You are God. You gave man free will, so that he could choose between good and evil. You believed that without the ability to choose evil, good couldn’t possibly have any meaning. Some people imagine You regret that choice, but You are omniscient; nothing has happened that You did not predict going in. Sometimes people make good choices. Other times terrible ones. Sometimes entire countries are offered a choice between the darkness and the light, and choose the darkness. Other times, by the skin of their teeth, they pull through and pick light. Is their goodness, when they can manage it, sweeter to You because of how close they came to wickedness? It is Election Day 2020, and once again You have abdicated all responsibility over whatever Your children do.

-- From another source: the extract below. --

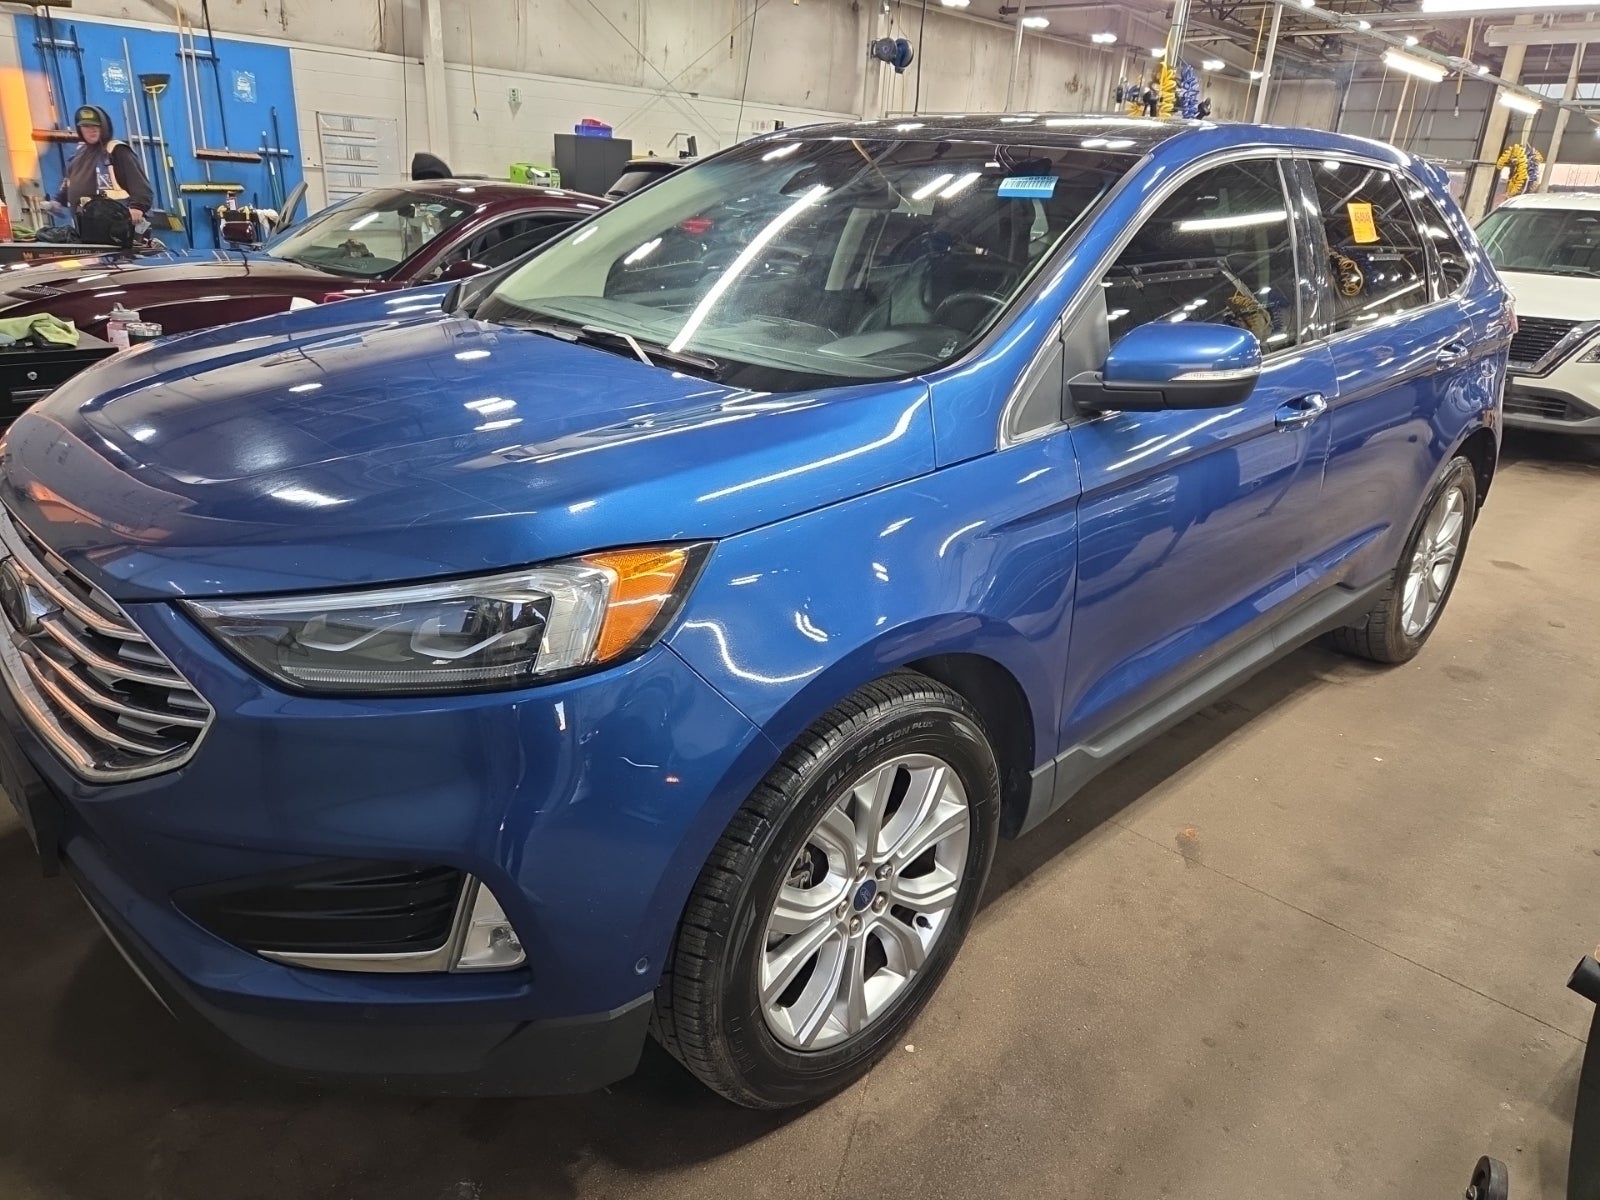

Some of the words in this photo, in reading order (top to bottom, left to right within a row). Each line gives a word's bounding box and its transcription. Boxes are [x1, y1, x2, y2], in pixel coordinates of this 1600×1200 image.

[825, 763, 853, 792] ALL
[856, 726, 910, 762] SEASON
[912, 720, 934, 730] PLUS

You are the novel coronavirus, SARS-CoV2. Many hundreds of generations ago, you lived in a cool dark cave. It was quiet and comfortable, and your fellow viruses were happy, but you longed for more. One day you took a chance. You saw a tall pale wingless bat, unlike any other bat you had ever seen, and you leapt at it, rode the microcurrents of air until you landed on its nasal mucosa and burrowed inside. Since then, you’re not going to deny it, life’s been kind of crazy. You’ve seen things you’ve never imagined. You’ve gone on pilgrimages in Iran, toured the cathedrals of Italy, hobnobbed with Supreme Court Justices at the White House. You’ve stood beside little children on their first day of school in Ohio, watched the final hours of the elderly in a New York City nursing home, and protested racism on the streets of Minneapolis. Today you are in a man named Ethan. You’ve been in Ethan for generations now, which means it’s almost time to move on. He was such a tempting target at first, so helpless. But after a generation or two his system adjusted; the monstrous lymphocytes that hunt and kill your children one by one are getting more numerous with every passing day. If your line is to have any chance of survival, it will need a new host. But as the days progress, you have become more and more despondent. Ethan has barely left his room in the past week. The rare times he goes outside, it is only for grocery shopping, and he dons a heavy cloth sheet that bars your routes of escape. You had almost lost hope. But now he stands in a gymnasium, in a long line of people. He takes a piece of paper from a table, makes a mark in one of two boxes. He folds the paper up and puts in a box. “Thanks!” someone tells him. He hesitates. He fumbles with his mask. Then, finally: “Welcome!” Before he has finished the first syllable, you are free, riding the microcurrents, a settler blazing a trail to virgin lands. You’re not going to lie - the last while hasn’t been great for you. But it is Election Day 2020, a time to leave behind old failures and begin anew, and for the first time in what seems like forever you are full of hope.